The gas analysis of the reaction mixture was conducted to monitor the generation of CO₂ and H₂ from GC (Figure 1). Briefly, gaseous products were sampled from the headspace of the reactor at reaction times of 3 h and 20 h and then analyzed using gas chromatography. The number of moles of each product was determined from the area of the corresponding peak in the measured chromatogram. As depicted in Figure 1, H₂ gas (0.06 mmol) is generated at 3 h and 0.58 mmol at 20 h. The generated CO₂ was very low (as illustrated in the inset graph), where 0.53 and 0.31 µmol of CO₂ were observed at 3 and 20 h, respectively. During the reaction of GC, simple dehydrogenation forming H₂ gas is not a significant route based on the amount of generated H₂ (0.58 mmol) and used GC (10.6 mmol). The dissociation of CO₂ from GC rarely occurs based on the amount of liberated CO₂. We exclude the hydrogenation of CO₂ as the main route of the mechanism because significant amounts of H₂ and CO₂ were not generated for the hydrogenation mechanism based on control experiments and gas analysis.

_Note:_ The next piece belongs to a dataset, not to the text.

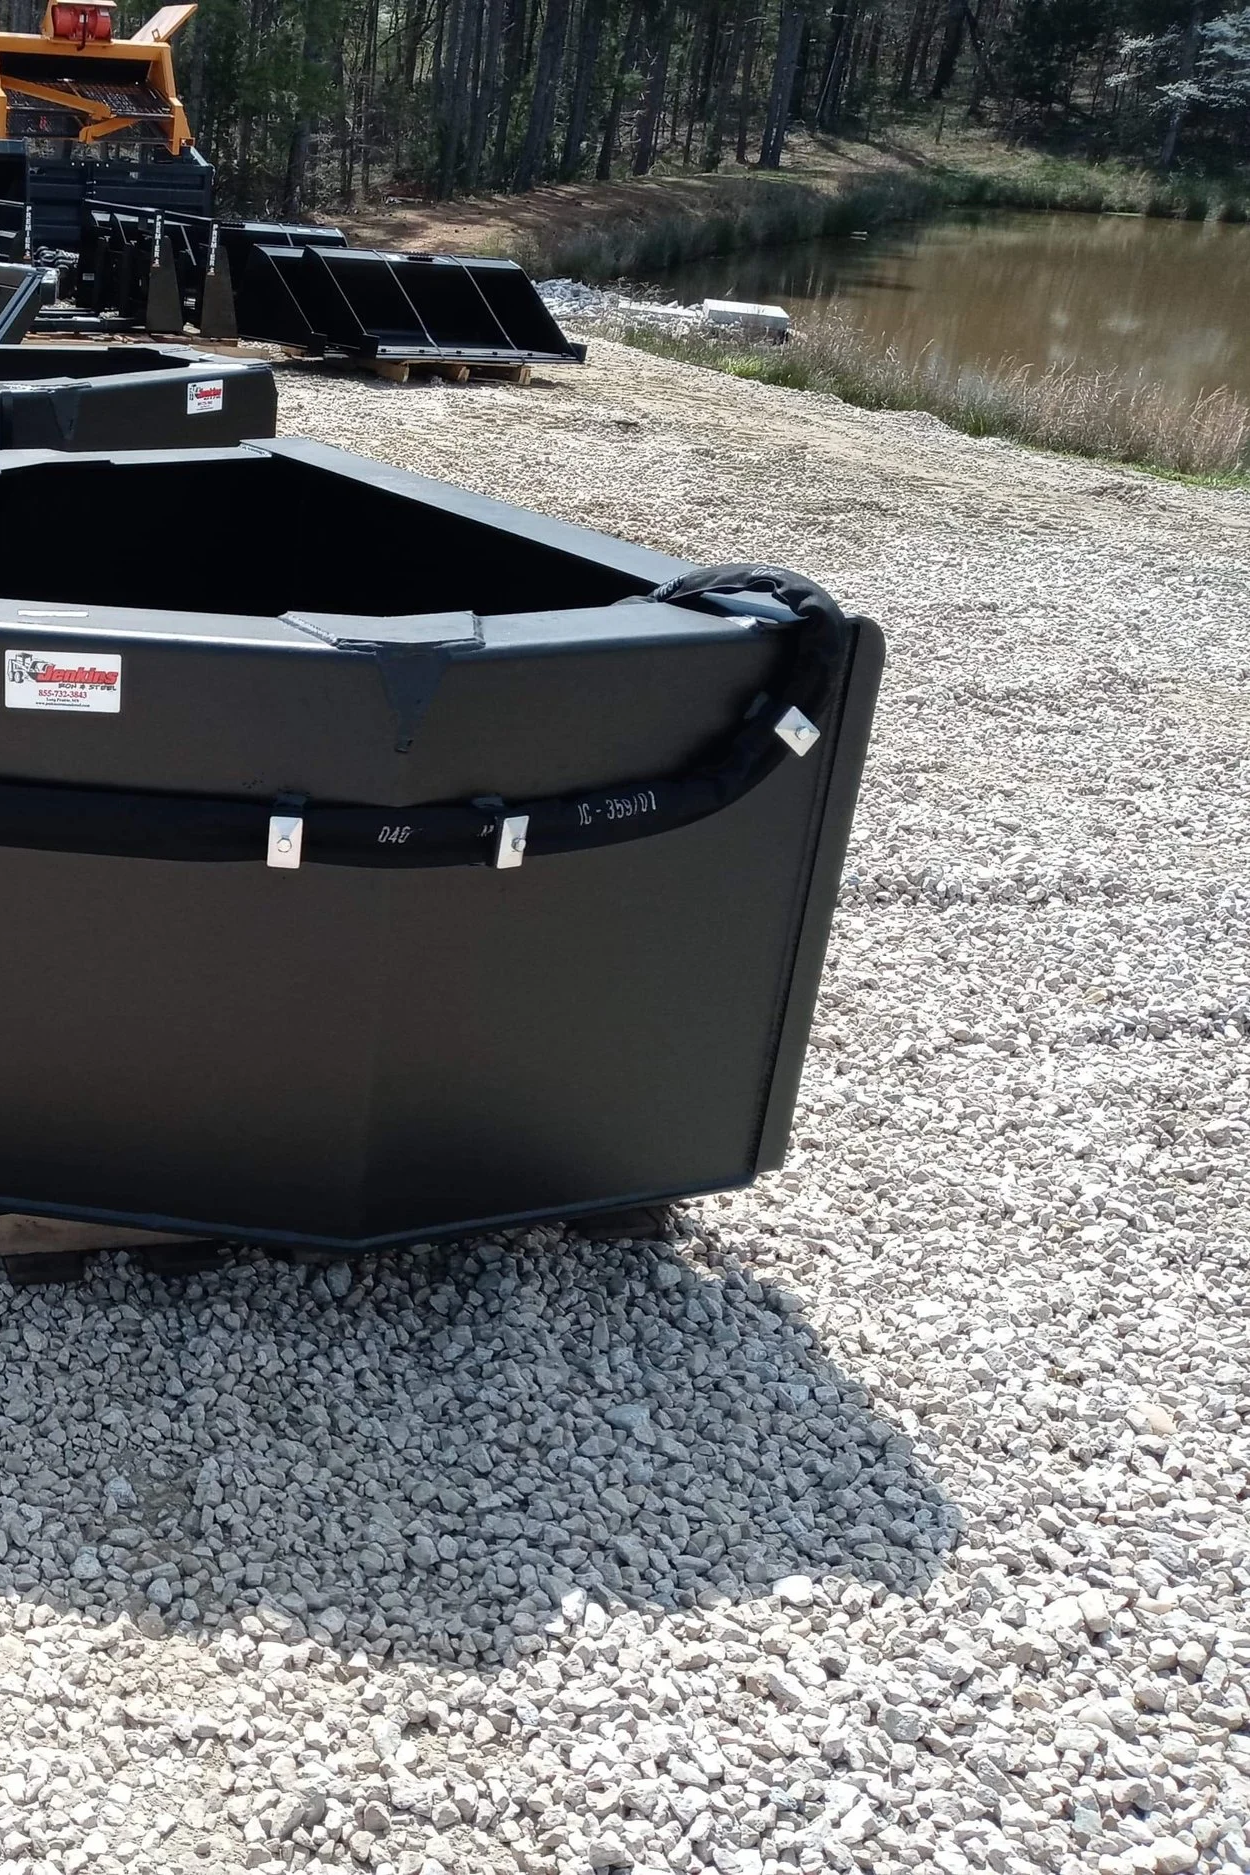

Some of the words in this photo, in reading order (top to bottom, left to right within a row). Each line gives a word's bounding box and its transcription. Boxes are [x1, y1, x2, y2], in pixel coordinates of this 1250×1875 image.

We proposed a catalytic cycle of Ir(triNHC)-catalyzed transfer hydrogenation of GC (Scheme 4). Catalyst A releases cyclooctadiene (COD) and coordinates to the glycerol alkoxide and bicarbonate [23]. Glycerol alkoxides and bicarbonates are formed from GC and OH⁻ based on ¹³C NMR of the mixture of GC and OH⁻ (see Supplementary Materials Figure S9). Intermediate I undergoes β-hydrogen elimination to produce intermediate II. Dihydroxyacetone (DHA) dissociated from intermediate II is converted to lactate via dehydration and Cannizzaro reaction [36]. The elimination of CsOH from intermediate III affords CO₂-bound intermediate IV. The co-operative interaction of two iridium ions in intermediate III promotes the elimination of CsOH via intermediates III’ and III’’ [37,38]. The hydrometallation of CO₂ produces formic acid. GC and CsOH enter the catalytic cycle after releasing formates. The bimetallic catalysts showed higher TONs than monometallic catalysts; catalyst A vs. catalysts B–D. The efficient reaction of Ir-H with CO₂ might be promoted by the co-operative action of two iridium ions in the bimetallic catalyst’s reaction sphere.

3. Conclusions

We report the first transfer hydrogenation of GC without additional hydrogen sources to the best of our knowledge. The control experiments and gas analysis confirm the reduction route induced by Ir(triNHC) catalysts. The reaction results of GC with deuterated glycerol imply that dissociated bicarbonates and glycerol alkoxides from GC are readily reacted before the participation of the external hydride sources in the reaction. The bimetallic catalysts are favored in coordinating both reactants (bicarbonates and glycerol alkoxides) inside the reaction sphere, as illustrated in the proposed reaction mechanism.